- **YOUR OBJECTIVE**
The expected answer is the full listing, repeated exactly and free of images.

- **DATA**
· · · · · · ·

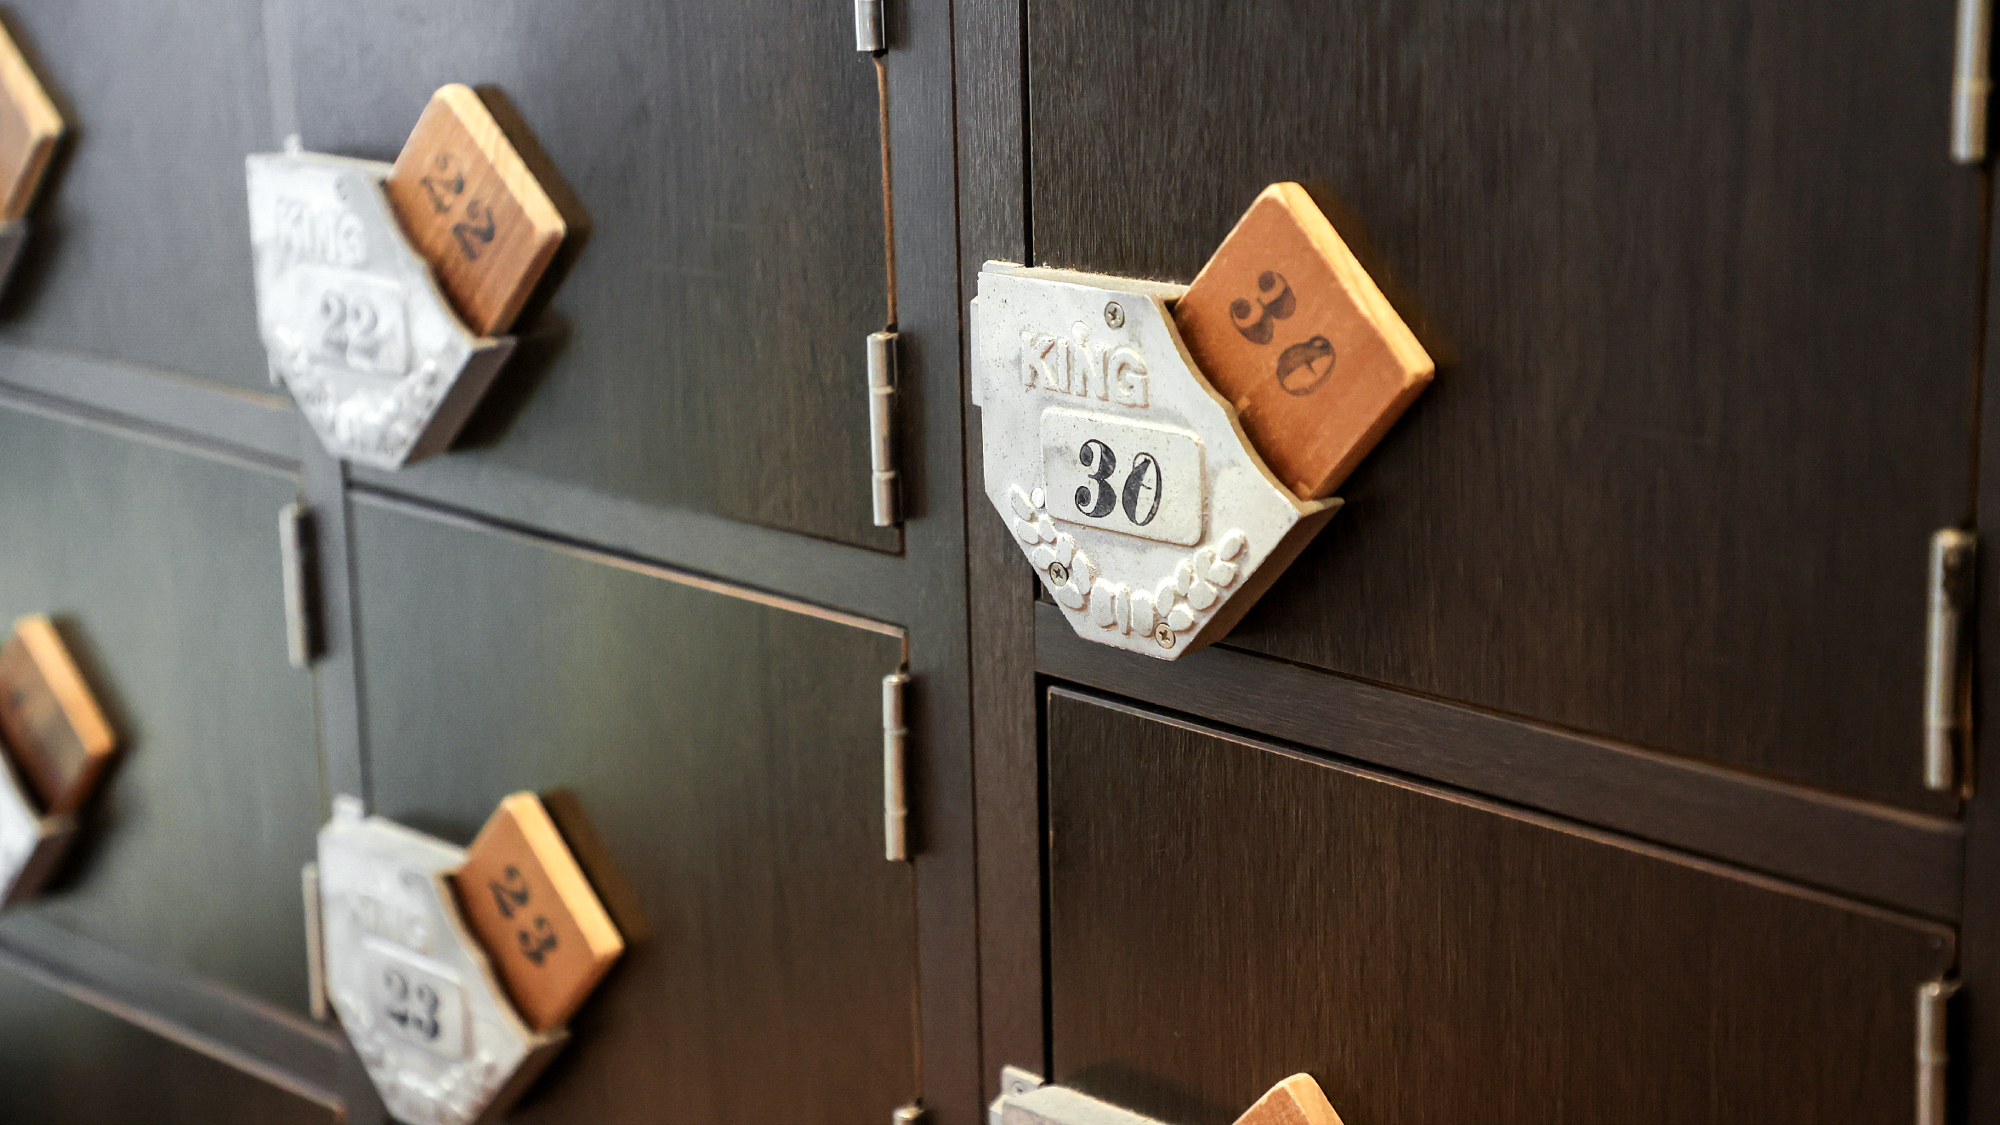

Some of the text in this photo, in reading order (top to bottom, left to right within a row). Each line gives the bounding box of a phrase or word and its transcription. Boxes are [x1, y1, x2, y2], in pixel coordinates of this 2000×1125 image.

[419, 151, 496, 261] 22
[319, 288, 381, 362] 22
[1020, 330, 1149, 407] KING
[1230, 270, 1336, 396] 30
[1075, 438, 1162, 526] 30
[488, 864, 558, 968] 23
[383, 968, 440, 1041] 23
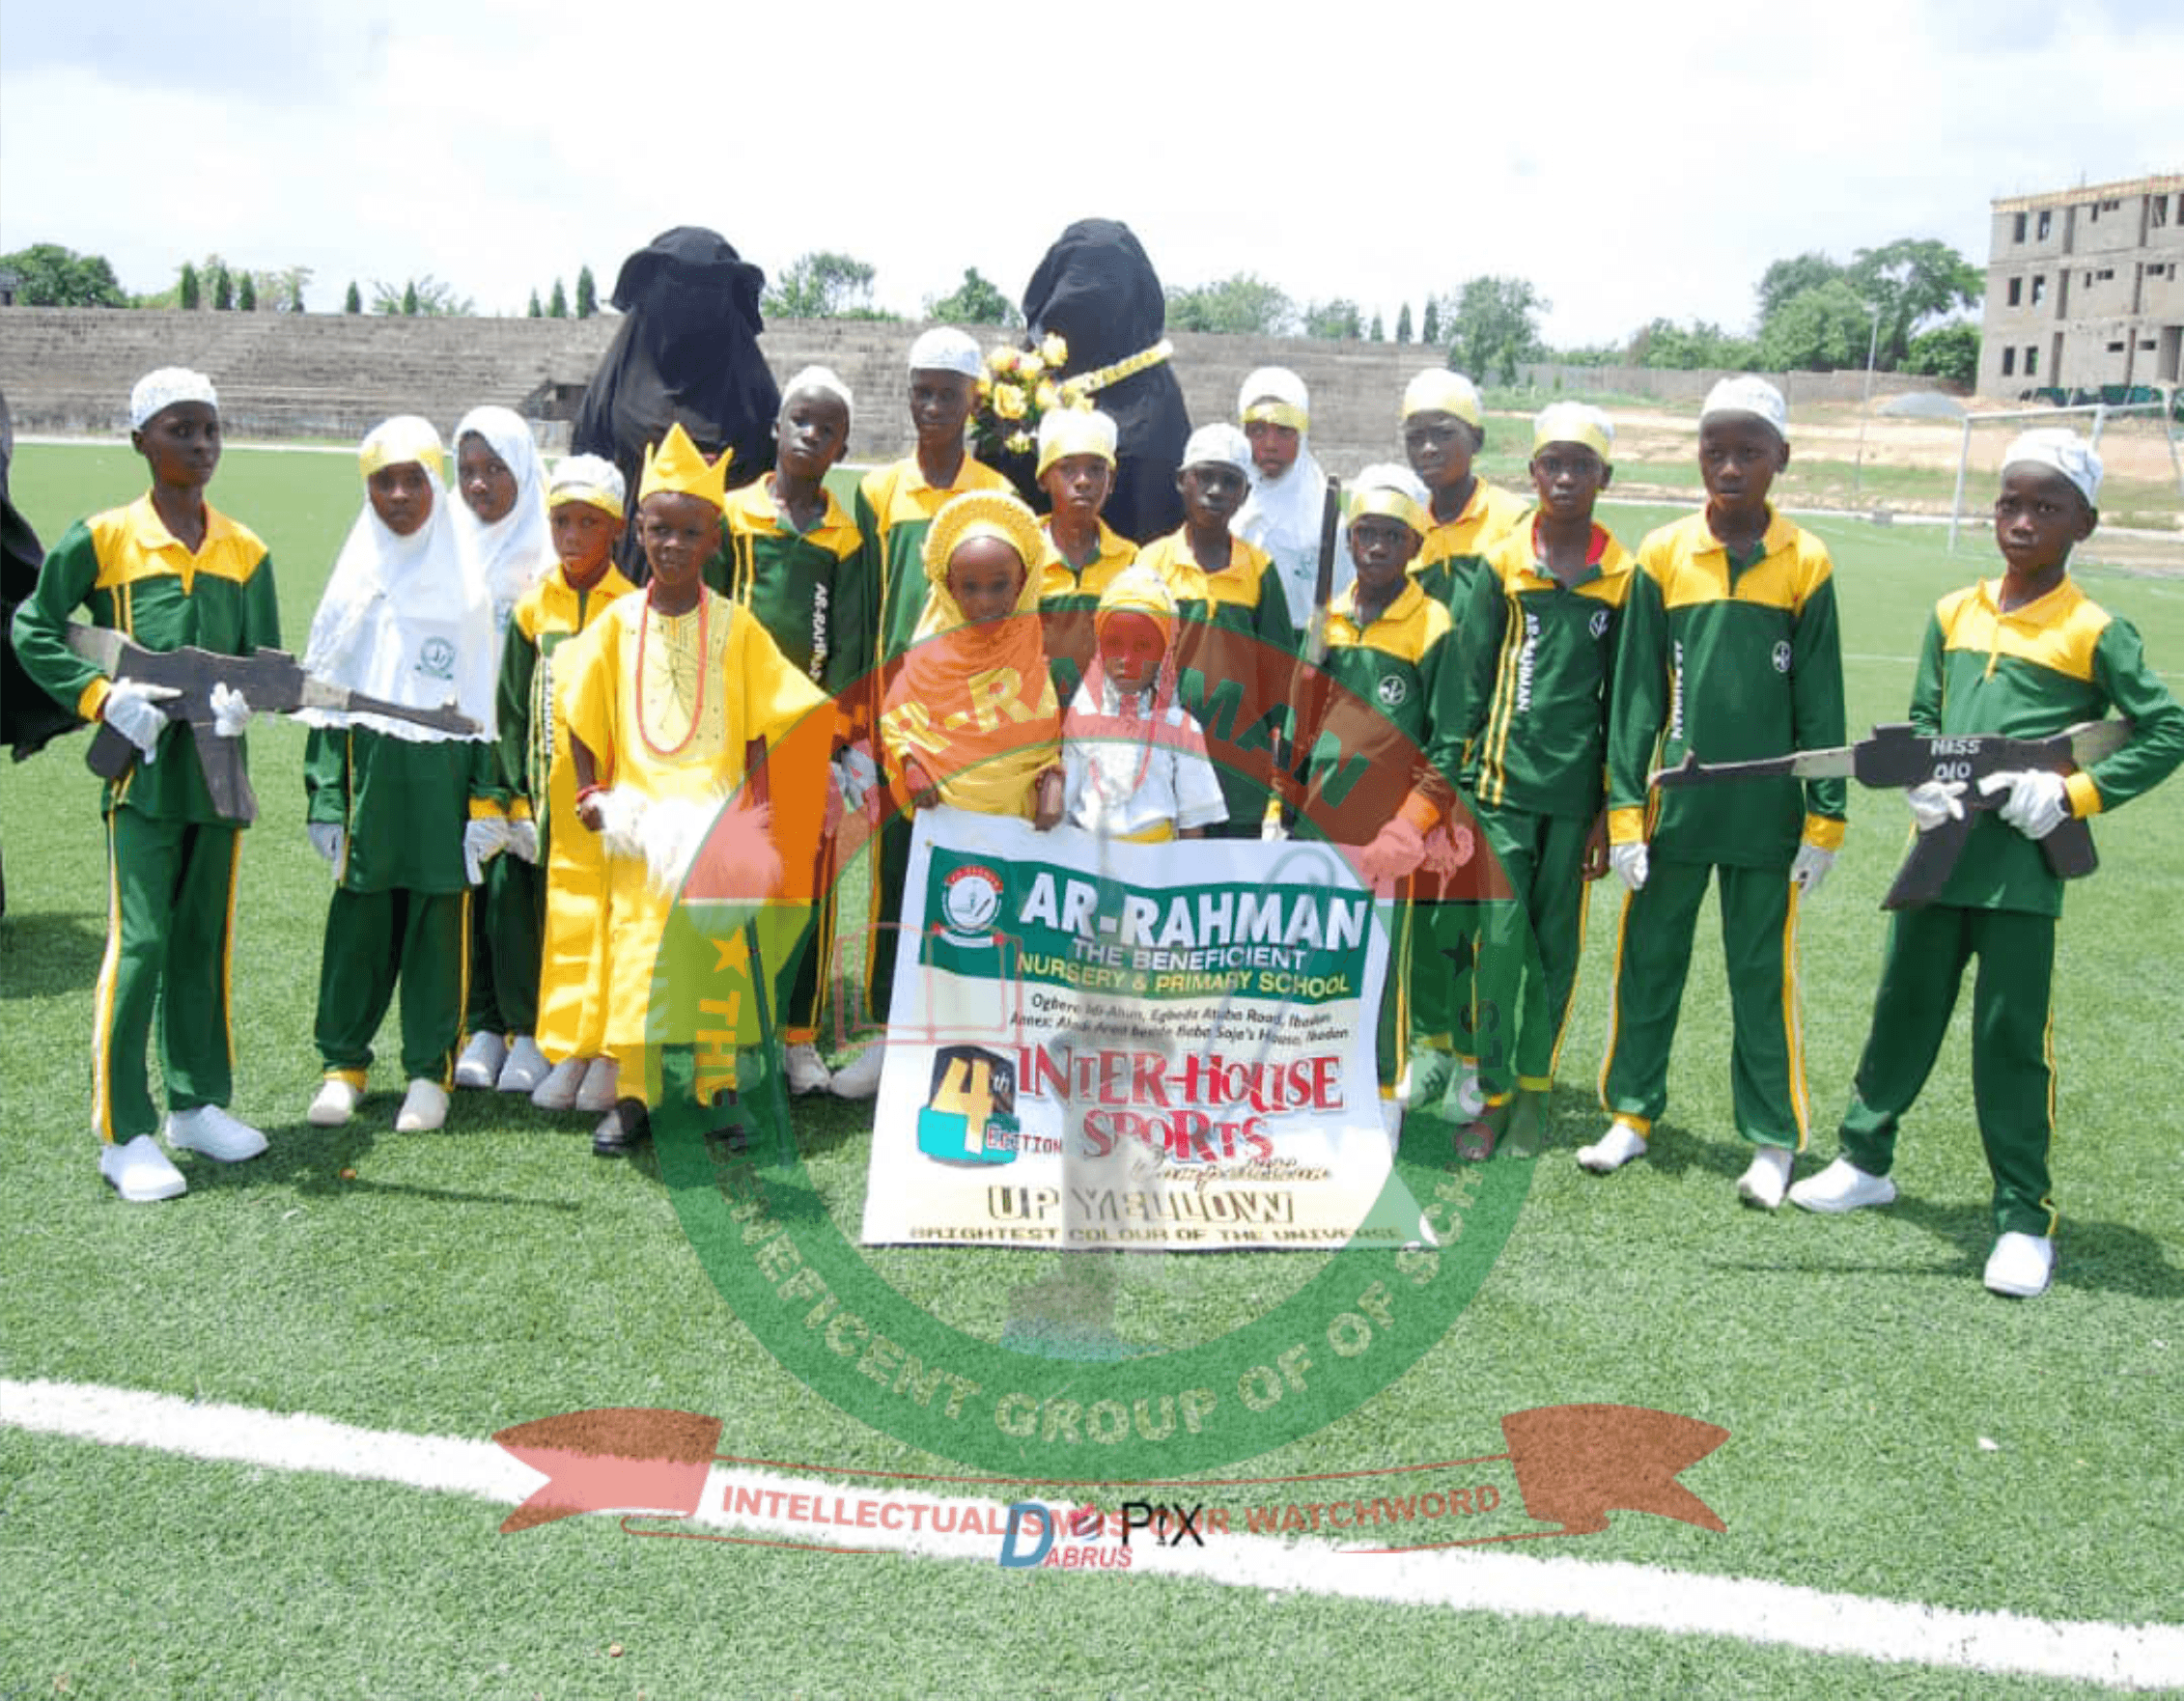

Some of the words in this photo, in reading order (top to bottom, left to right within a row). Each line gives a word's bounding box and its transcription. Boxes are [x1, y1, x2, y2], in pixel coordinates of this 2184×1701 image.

[1019, 872, 1368, 951] AR-RAHMAN
[1073, 937, 1124, 965] THE
[1132, 945, 1307, 971] BENEFICIENT
[1018, 952, 1127, 989] NURSERY
[1132, 973, 1146, 991] &
[1157, 970, 1252, 993] PRIMARY
[1260, 971, 1350, 998] SCHOOL
[1017, 1043, 1344, 1113] INTER-HOUSE
[1082, 1108, 1274, 1163] SPORTS
[987, 1185, 1059, 1221] UP
[1070, 1187, 1295, 1223] YELLOW
[1068, 1227, 1169, 1241] COLOUR
[1174, 1227, 1207, 1241] OF
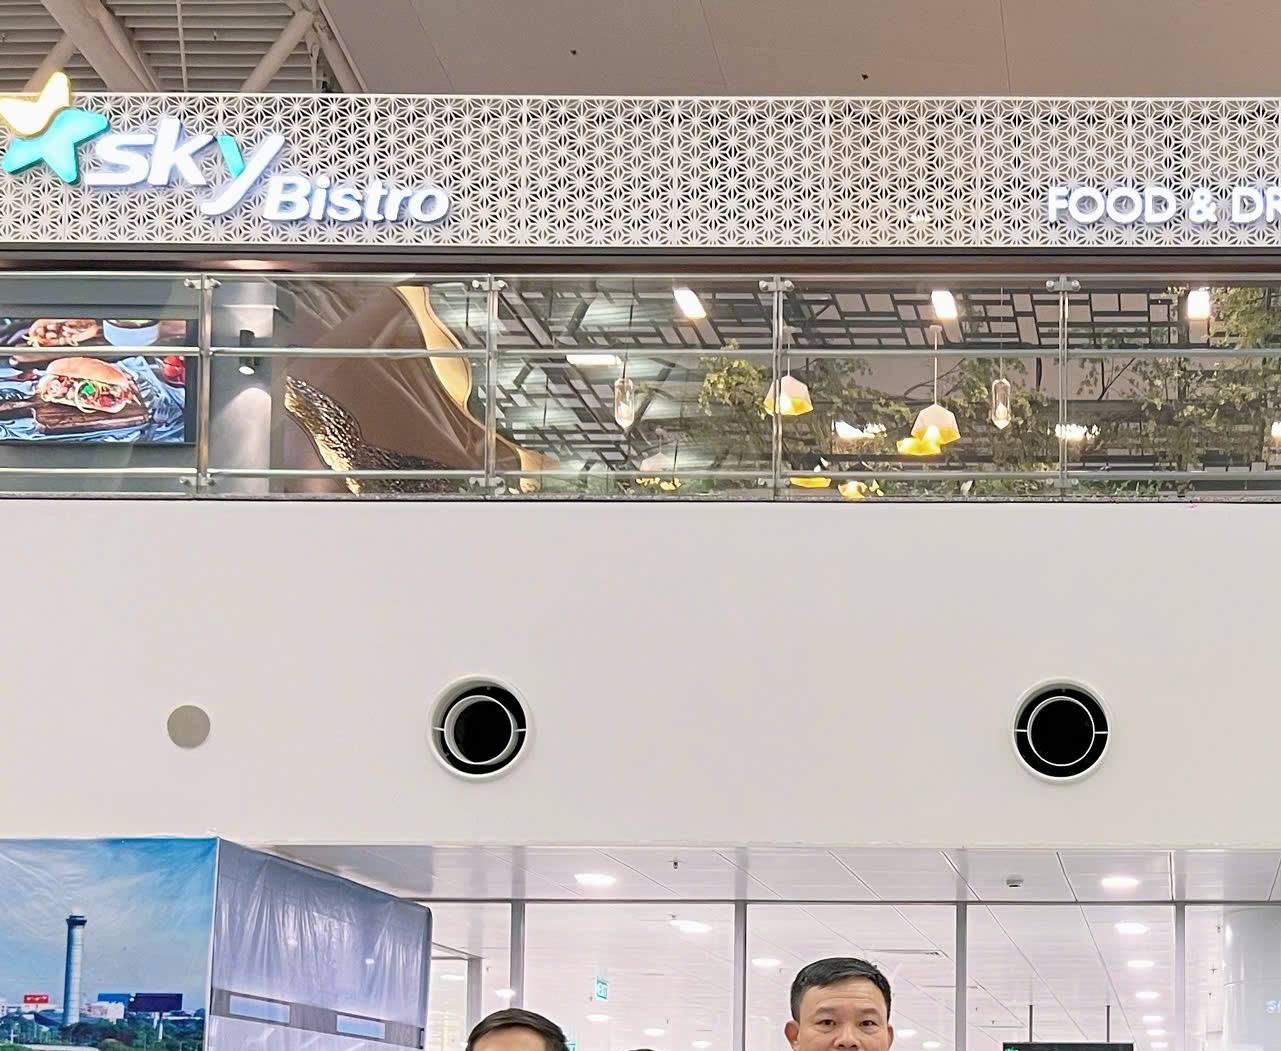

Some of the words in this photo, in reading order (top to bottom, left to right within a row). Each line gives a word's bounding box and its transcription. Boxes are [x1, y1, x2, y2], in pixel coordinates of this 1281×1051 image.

· · · · · · ·

- **RESPONSE**
Some of the text in this photo, in reading order (top to bottom, left to right within a row). Each line gives the bounding box of a phrase or word and its transcription. Boxes are [x1, y1, x2, y2], in pixel coordinates of this 2000×1125 image.

[419, 151, 496, 261] 22
[319, 288, 381, 362] 22
[1020, 330, 1149, 407] KING
[1230, 270, 1336, 396] 30
[1075, 438, 1162, 526] 30
[488, 864, 558, 968] 23
[383, 968, 440, 1041] 23

Some of the words in this photo, in reading order (top to bottom, left to right within a row). Each line gives a word's bounding box and its transcription. Boxes are [x1, y1, x2, y2], in pixel coordinates of this 2184×1701 image.

[1019, 872, 1368, 951] AR-RAHMAN
[1073, 937, 1124, 965] THE
[1132, 945, 1307, 971] BENEFICIENT
[1018, 952, 1127, 989] NURSERY
[1132, 973, 1146, 991] &
[1157, 970, 1252, 993] PRIMARY
[1260, 971, 1350, 998] SCHOOL
[1017, 1043, 1344, 1113] INTER-HOUSE
[1082, 1108, 1274, 1163] SPORTS
[987, 1185, 1059, 1221] UP
[1070, 1187, 1295, 1223] YELLOW
[1068, 1227, 1169, 1241] COLOUR
[1174, 1227, 1207, 1241] OF

Some of the words in this photo, in reading order (top to bottom, left to right within a row). Each line gives a word's bounding box and its transcription. Boxes are [x1, y1, x2, y2], in pixel coordinates of this 1281×1051 image.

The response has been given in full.